[WORK INSTRUCTION] Apart from the pictures, every entry should be reproduced exactly.
ENTRIES SHOWN START
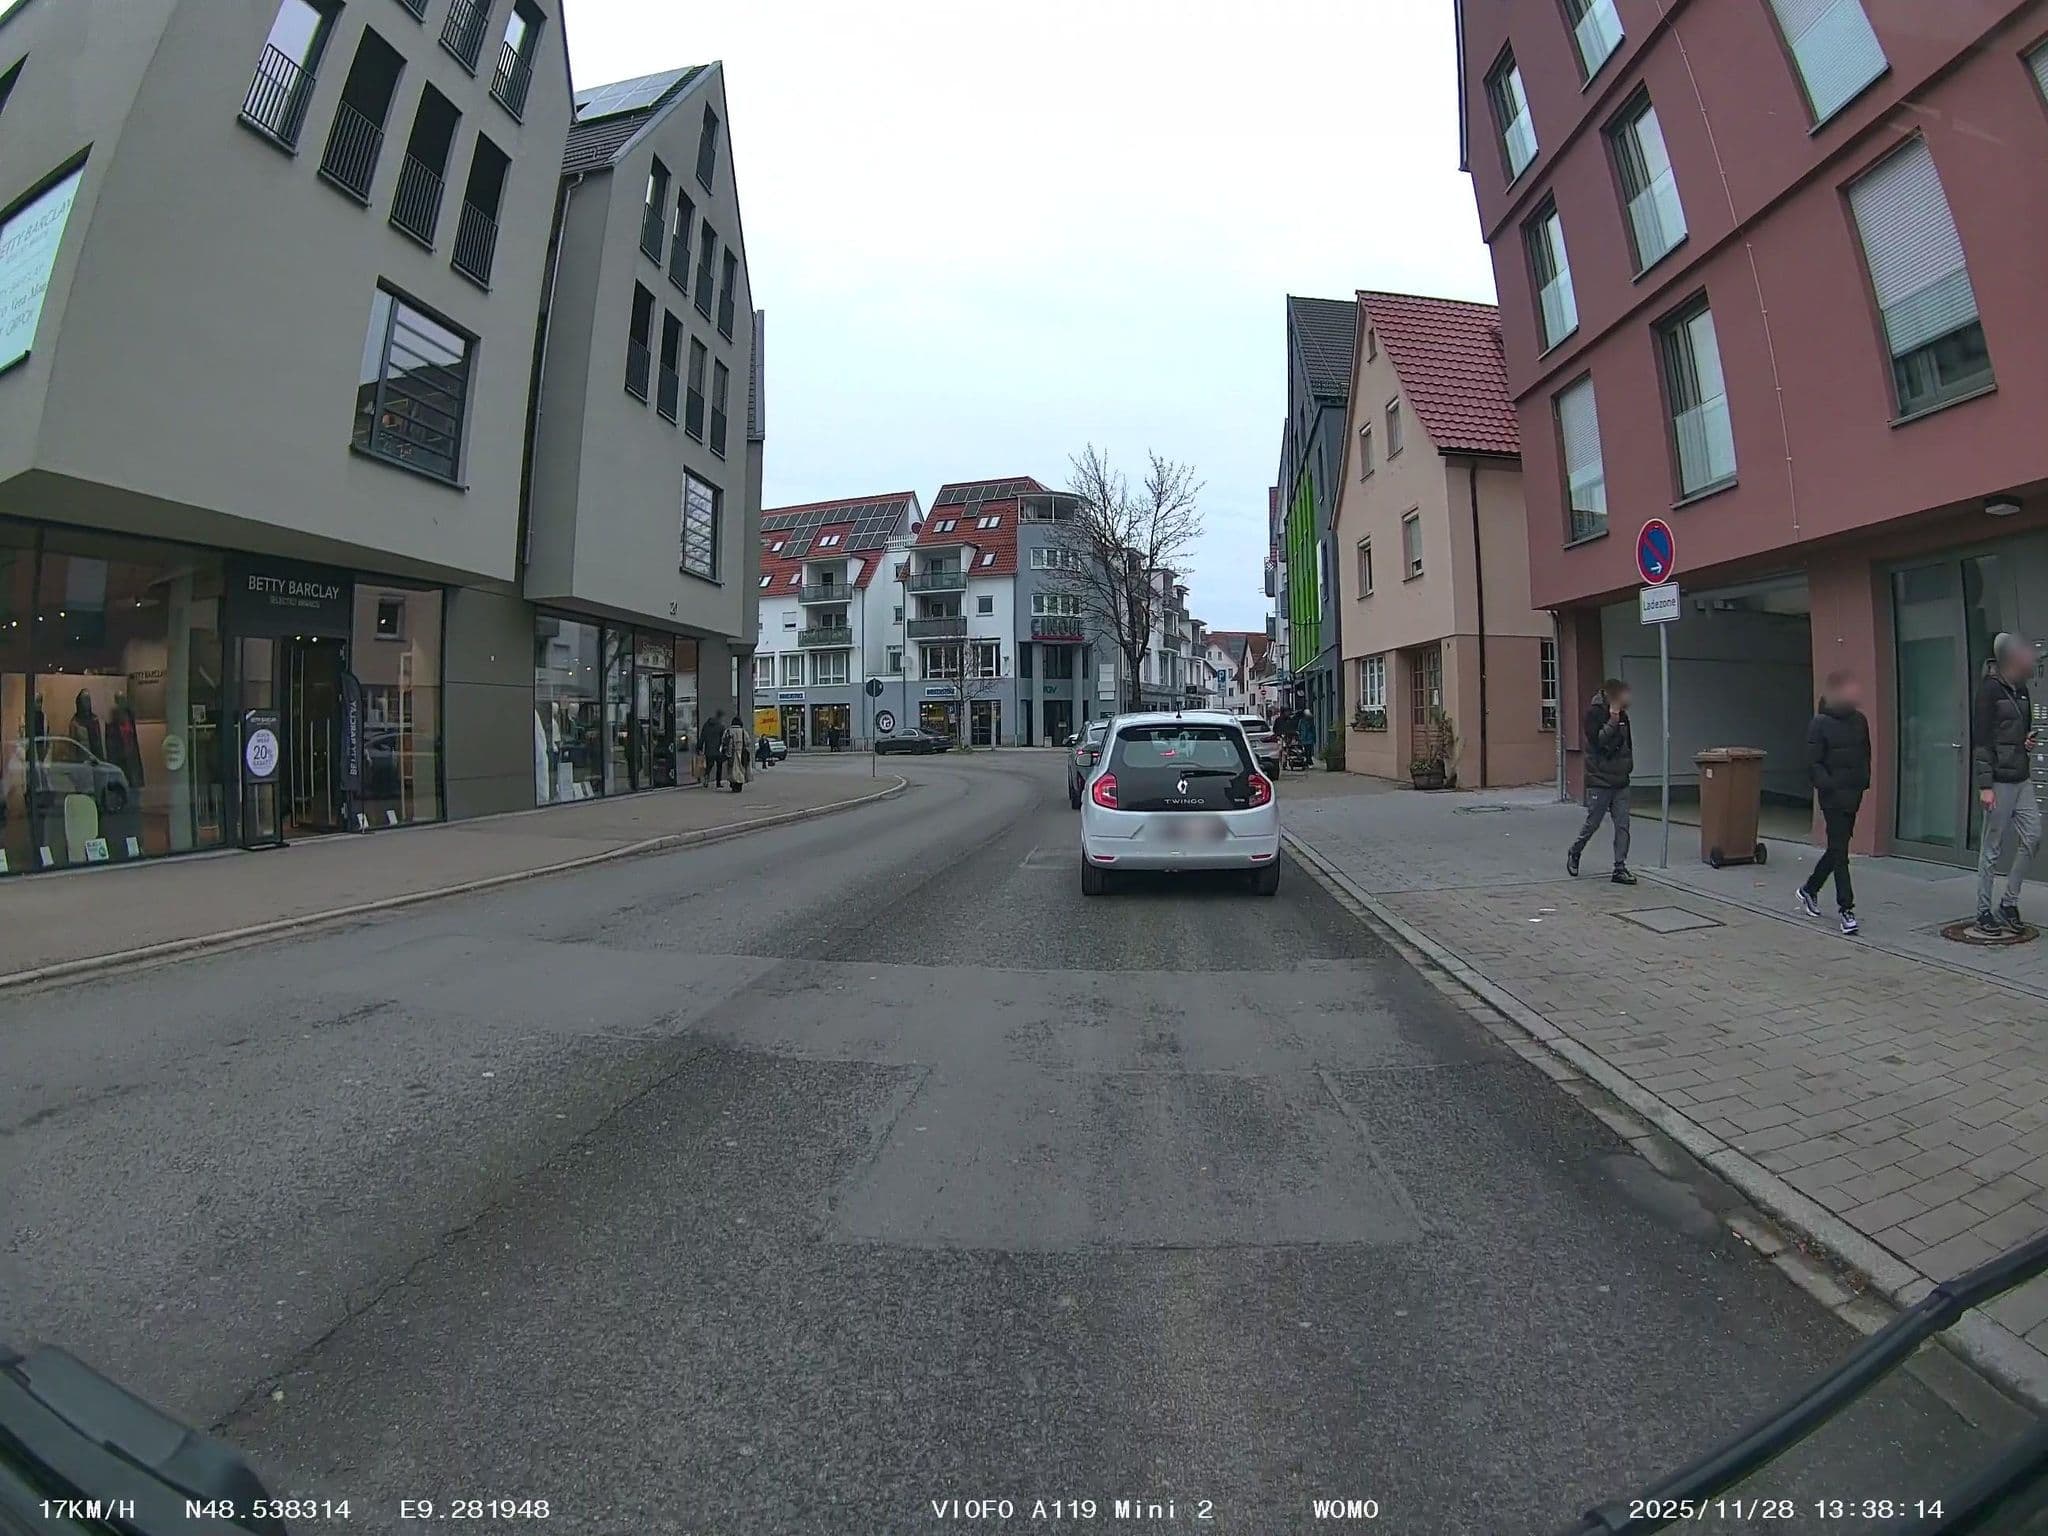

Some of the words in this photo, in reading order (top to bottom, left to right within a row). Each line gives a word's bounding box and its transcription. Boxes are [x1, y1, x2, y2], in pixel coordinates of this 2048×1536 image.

[248, 575, 285, 592] BETTY
[288, 580, 339, 599] BARCLAY
[1643, 598, 1676, 611] Ladezone
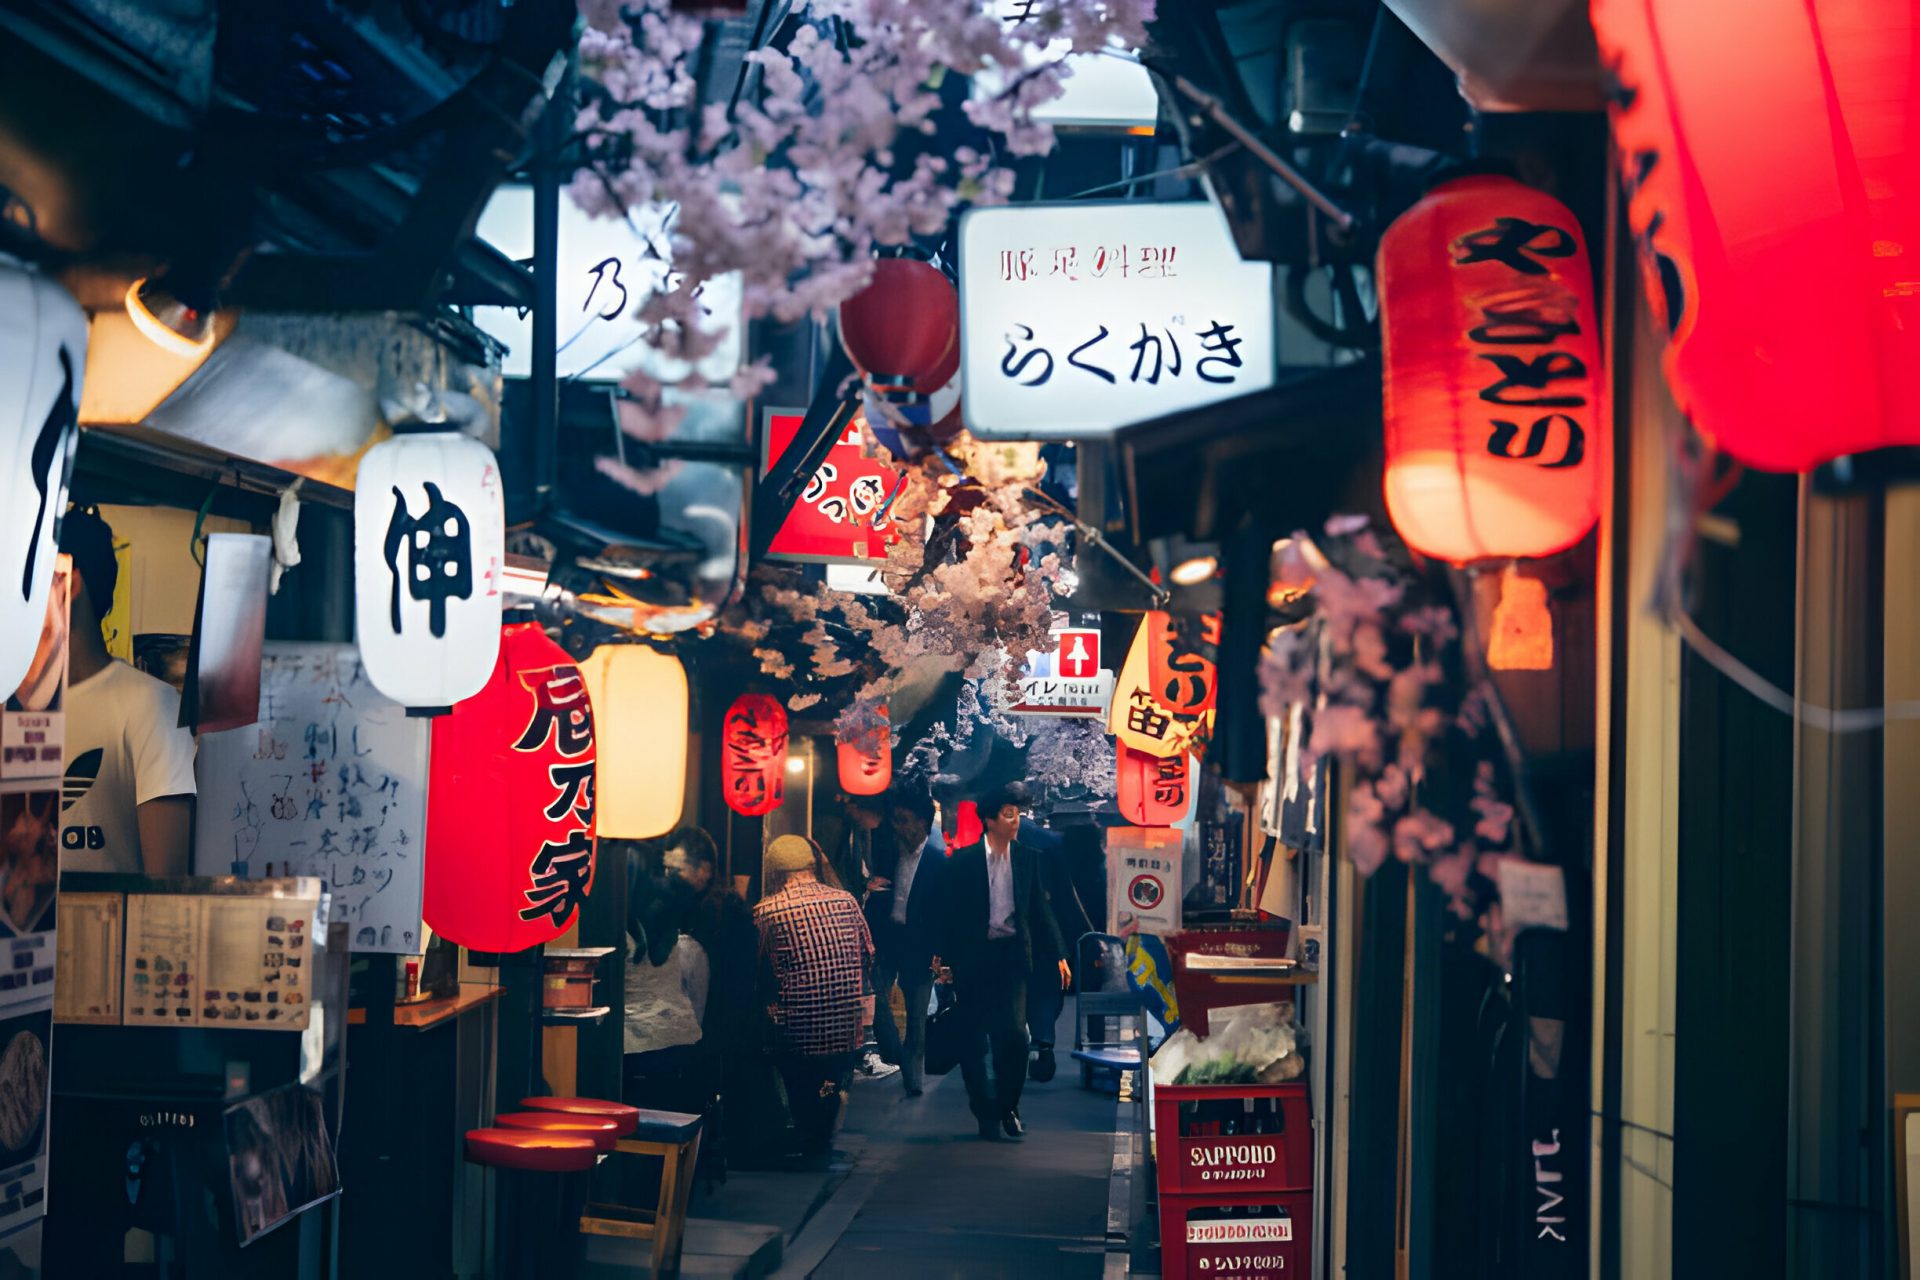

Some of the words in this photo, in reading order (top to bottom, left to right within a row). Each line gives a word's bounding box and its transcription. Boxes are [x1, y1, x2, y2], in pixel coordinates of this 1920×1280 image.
ENTRIES SHOWN END
[ANSWER TO THE PROBLEM]
Some of the words in this photo, in reading order (top to bottom, left to right within a row). Each line gives a word's bounding box and its transcription. Boxes are [x1, y1, x2, y2], in pixel coordinates of this 2048×1536 image.

[248, 575, 285, 592] BETTY
[288, 580, 339, 599] BARCLAY
[1643, 598, 1676, 611] Ladezone

Some of the words in this photo, in reading order (top to bottom, left to right within a row). Each line gives a word's bounding box and its transcription. Boxes are [x1, y1, x2, y2], in pixel coordinates of this 1920×1280 image.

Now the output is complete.